-- TASK DETAILS --
Line by line, reproduce the records exactly.
____ SOURCE INFORMATION
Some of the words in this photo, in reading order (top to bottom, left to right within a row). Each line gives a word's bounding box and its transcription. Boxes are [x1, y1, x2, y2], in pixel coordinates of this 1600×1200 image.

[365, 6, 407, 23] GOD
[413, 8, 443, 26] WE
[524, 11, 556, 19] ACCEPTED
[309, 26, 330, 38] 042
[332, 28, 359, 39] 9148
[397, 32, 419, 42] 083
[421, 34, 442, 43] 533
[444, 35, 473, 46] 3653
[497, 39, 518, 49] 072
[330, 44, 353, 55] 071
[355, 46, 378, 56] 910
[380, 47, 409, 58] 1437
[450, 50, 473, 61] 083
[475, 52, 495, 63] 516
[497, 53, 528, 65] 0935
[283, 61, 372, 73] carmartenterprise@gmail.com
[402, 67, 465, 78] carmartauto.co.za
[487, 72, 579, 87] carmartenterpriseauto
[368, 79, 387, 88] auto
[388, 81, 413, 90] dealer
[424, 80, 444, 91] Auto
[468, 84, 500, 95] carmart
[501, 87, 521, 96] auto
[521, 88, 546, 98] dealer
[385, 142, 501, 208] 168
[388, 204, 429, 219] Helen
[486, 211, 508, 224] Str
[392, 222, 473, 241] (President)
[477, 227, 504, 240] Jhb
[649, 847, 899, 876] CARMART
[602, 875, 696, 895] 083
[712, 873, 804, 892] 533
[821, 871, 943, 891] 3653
________
-- EXERCISE SOLUTION --
Some of the words in this photo, in reading order (top to bottom, left to right within a row). Each line gives a word's bounding box and its transcription. Boxes are [x1, y1, x2, y2], in pixel coordinates of this 1600×1200 image.

[365, 6, 407, 23] GOD
[413, 8, 443, 26] WE
[524, 11, 556, 19] ACCEPTED
[309, 26, 330, 38] 042
[332, 28, 359, 39] 9148
[397, 32, 419, 42] 083
[421, 34, 442, 43] 533
[444, 35, 473, 46] 3653
[497, 39, 518, 49] 072
[330, 44, 353, 55] 071
[355, 46, 378, 56] 910
[380, 47, 409, 58] 1437
[450, 50, 473, 61] 083
[475, 52, 495, 63] 516
[497, 53, 528, 65] 0935
[283, 61, 372, 73] carmartenterprise@gmail.com
[402, 67, 465, 78] carmartauto.co.za
[487, 72, 579, 87] carmartenterpriseauto
[368, 79, 387, 88] auto
[388, 81, 413, 90] dealer
[424, 80, 444, 91] Auto
[468, 84, 500, 95] carmart
[501, 87, 521, 96] auto
[521, 88, 546, 98] dealer
[385, 142, 501, 208] 168
[388, 204, 429, 219] Helen
[486, 211, 508, 224] Str
[392, 222, 473, 241] (President)
[477, 227, 504, 240] Jhb
[649, 847, 899, 876] CARMART
[602, 875, 696, 895] 083
[712, 873, 804, 892] 533
[821, 871, 943, 891] 3653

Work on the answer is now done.